··· Supplied data

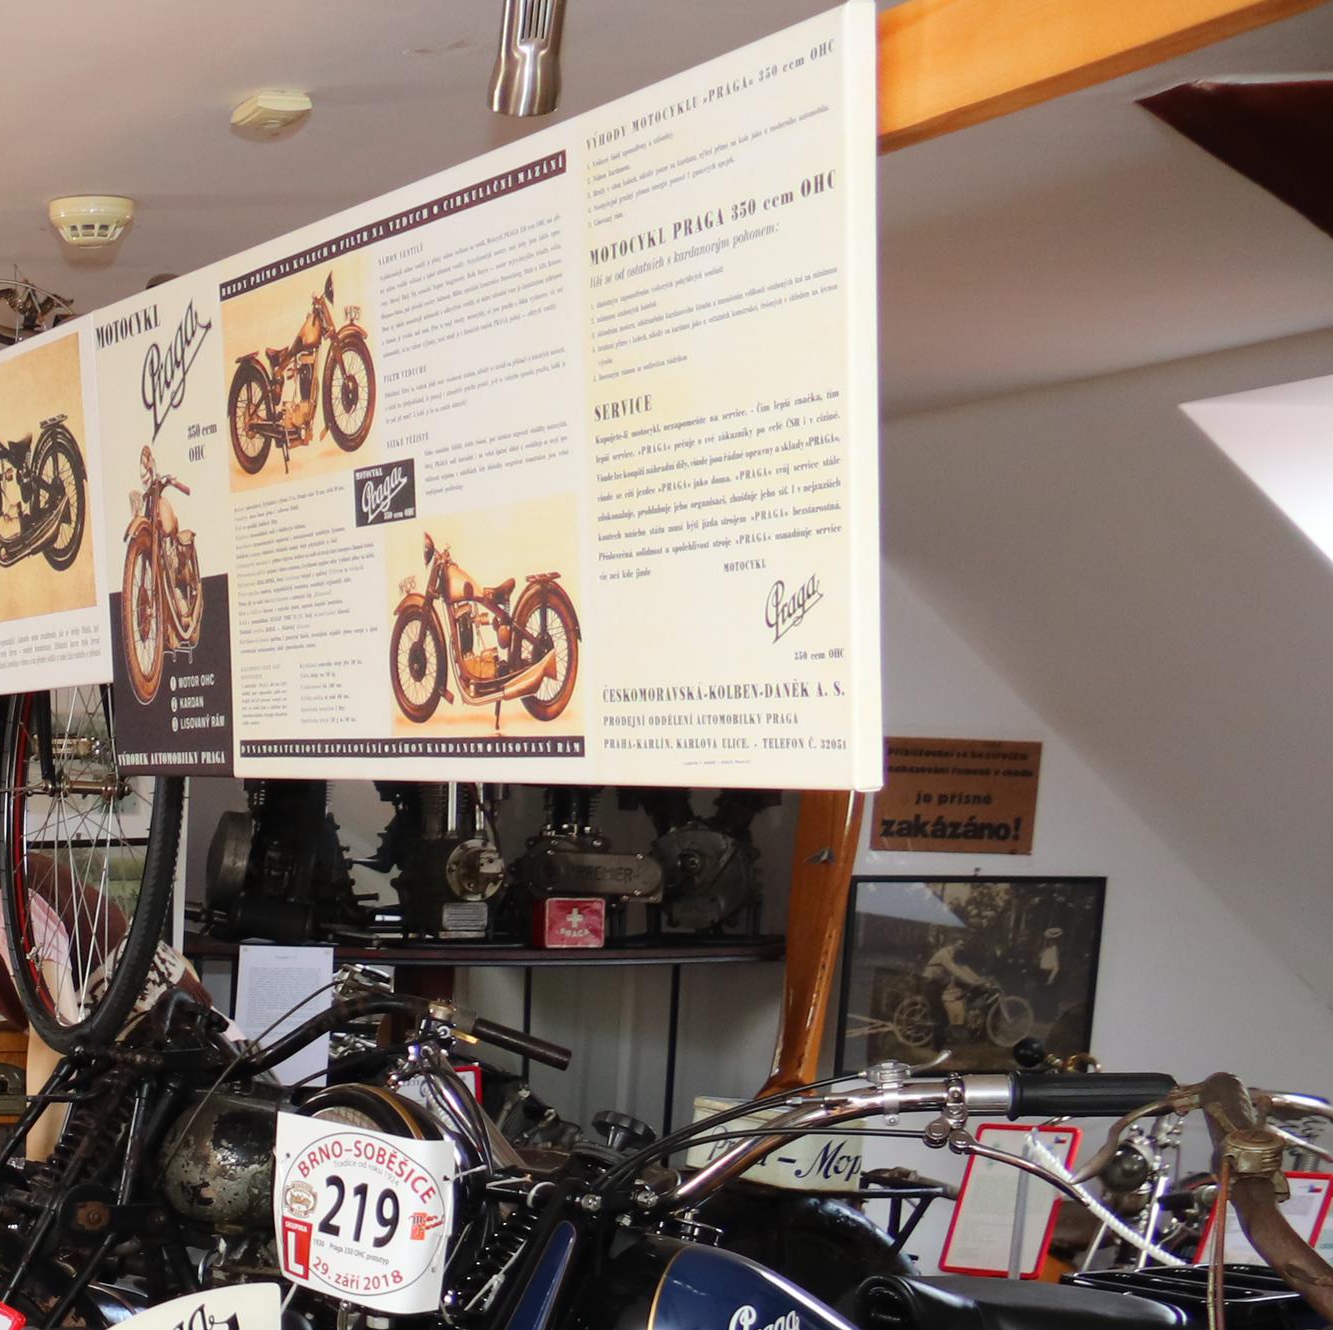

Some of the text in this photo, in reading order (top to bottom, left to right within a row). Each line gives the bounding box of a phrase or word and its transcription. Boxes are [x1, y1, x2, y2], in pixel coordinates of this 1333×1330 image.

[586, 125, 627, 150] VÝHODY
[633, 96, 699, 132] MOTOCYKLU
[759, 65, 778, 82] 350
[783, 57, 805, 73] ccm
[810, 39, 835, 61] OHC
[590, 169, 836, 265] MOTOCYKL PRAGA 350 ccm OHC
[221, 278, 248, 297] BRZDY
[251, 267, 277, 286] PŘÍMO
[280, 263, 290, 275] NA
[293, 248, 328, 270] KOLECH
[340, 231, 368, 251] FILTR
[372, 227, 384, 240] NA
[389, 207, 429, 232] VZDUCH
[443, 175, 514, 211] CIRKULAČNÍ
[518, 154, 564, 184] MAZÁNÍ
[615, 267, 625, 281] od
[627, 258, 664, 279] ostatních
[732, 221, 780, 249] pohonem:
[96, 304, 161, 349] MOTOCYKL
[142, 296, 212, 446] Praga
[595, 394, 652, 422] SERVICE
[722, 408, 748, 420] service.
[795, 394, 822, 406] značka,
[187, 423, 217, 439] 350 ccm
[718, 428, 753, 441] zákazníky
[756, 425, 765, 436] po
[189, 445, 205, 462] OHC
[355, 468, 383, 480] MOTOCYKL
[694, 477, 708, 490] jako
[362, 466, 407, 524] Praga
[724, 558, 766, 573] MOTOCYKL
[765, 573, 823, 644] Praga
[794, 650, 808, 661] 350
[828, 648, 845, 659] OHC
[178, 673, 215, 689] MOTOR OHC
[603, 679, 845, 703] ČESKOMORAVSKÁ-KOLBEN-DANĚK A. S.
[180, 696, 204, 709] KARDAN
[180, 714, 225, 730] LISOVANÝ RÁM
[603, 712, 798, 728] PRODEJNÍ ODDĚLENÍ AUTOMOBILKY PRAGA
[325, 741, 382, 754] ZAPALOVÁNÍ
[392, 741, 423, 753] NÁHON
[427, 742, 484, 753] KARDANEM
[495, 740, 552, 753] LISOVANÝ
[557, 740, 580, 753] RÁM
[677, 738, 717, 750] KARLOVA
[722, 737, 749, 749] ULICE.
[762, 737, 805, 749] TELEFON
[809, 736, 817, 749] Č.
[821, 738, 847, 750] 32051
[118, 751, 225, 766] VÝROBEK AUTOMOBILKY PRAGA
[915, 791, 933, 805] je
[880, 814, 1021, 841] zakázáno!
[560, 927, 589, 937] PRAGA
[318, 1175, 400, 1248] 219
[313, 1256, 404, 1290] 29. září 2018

······

Work to be completed: Search the data above for lines holding "AUTOMOBILKY" and copy each of them.

Output for this exercise:
[603, 712, 798, 728] PRODEJNÍ ODDĚLENÍ AUTOMOBILKY PRAGA
[118, 751, 225, 766] VÝROBEK AUTOMOBILKY PRAGA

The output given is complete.